MATERIAL PROVIDED below:

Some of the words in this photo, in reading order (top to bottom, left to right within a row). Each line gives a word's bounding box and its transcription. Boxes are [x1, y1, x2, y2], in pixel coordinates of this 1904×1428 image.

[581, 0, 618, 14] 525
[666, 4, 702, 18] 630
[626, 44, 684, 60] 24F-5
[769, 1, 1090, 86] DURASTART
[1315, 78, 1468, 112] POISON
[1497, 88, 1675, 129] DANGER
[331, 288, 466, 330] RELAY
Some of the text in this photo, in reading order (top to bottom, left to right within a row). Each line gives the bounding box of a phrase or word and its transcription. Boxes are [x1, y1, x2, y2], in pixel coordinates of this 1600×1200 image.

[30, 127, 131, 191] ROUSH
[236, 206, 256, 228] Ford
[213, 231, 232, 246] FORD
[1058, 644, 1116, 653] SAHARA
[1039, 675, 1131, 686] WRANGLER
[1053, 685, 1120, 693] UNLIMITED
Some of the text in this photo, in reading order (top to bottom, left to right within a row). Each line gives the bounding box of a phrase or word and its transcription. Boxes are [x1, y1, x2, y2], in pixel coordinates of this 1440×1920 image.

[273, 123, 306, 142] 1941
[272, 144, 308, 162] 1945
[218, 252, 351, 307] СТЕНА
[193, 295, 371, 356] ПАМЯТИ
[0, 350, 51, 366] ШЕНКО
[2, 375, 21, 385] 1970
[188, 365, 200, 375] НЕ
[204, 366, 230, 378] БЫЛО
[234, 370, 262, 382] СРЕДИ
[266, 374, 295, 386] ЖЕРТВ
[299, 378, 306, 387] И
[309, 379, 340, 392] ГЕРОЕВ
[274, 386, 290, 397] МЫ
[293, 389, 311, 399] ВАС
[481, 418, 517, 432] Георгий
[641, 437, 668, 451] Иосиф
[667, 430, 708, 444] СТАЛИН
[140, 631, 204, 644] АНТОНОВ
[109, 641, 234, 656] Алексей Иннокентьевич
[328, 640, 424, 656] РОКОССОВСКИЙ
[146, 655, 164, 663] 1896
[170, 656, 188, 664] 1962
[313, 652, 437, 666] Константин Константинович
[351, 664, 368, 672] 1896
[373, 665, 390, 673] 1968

End of MATERIAL PROVIDED.

WHAT TO WORK ON:
Your output must be an exact copy of every entry.

RESPONSE AREA:
Some of the words in this photo, in reading order (top to bottom, left to right within a row). Each line gives a word's bounding box and its transcription. Boxes are [x1, y1, x2, y2], in pixel coordinates of this 1904×1428 image.

[581, 0, 618, 14] 525
[666, 4, 702, 18] 630
[626, 44, 684, 60] 24F-5
[769, 1, 1090, 86] DURASTART
[1315, 78, 1468, 112] POISON
[1497, 88, 1675, 129] DANGER
[331, 288, 466, 330] RELAY
Some of the text in this photo, in reading order (top to bottom, left to right within a row). Each line gives the bounding box of a phrase or word and its transcription. Boxes are [x1, y1, x2, y2], in pixel coordinates of this 1600×1200 image.

[30, 127, 131, 191] ROUSH
[236, 206, 256, 228] Ford
[213, 231, 232, 246] FORD
[1058, 644, 1116, 653] SAHARA
[1039, 675, 1131, 686] WRANGLER
[1053, 685, 1120, 693] UNLIMITED
Some of the text in this photo, in reading order (top to bottom, left to right within a row). Each line gives the bounding box of a phrase or word and its transcription. Boxes are [x1, y1, x2, y2], in pixel coordinates of this 1440×1920 image.

[273, 123, 306, 142] 1941
[272, 144, 308, 162] 1945
[218, 252, 351, 307] СТЕНА
[193, 295, 371, 356] ПАМЯТИ
[0, 350, 51, 366] ШЕНКО
[2, 375, 21, 385] 1970
[188, 365, 200, 375] НЕ
[204, 366, 230, 378] БЫЛО
[234, 370, 262, 382] СРЕДИ
[266, 374, 295, 386] ЖЕРТВ
[299, 378, 306, 387] И
[309, 379, 340, 392] ГЕРОЕВ
[274, 386, 290, 397] МЫ
[293, 389, 311, 399] ВАС
[481, 418, 517, 432] Георгий
[641, 437, 668, 451] Иосиф
[667, 430, 708, 444] СТАЛИН
[140, 631, 204, 644] АНТОНОВ
[109, 641, 234, 656] Алексей Иннокентьевич
[328, 640, 424, 656] РОКОССОВСКИЙ
[146, 655, 164, 663] 1896
[170, 656, 188, 664] 1962
[313, 652, 437, 666] Константин Константинович
[351, 664, 368, 672] 1896
[373, 665, 390, 673] 1968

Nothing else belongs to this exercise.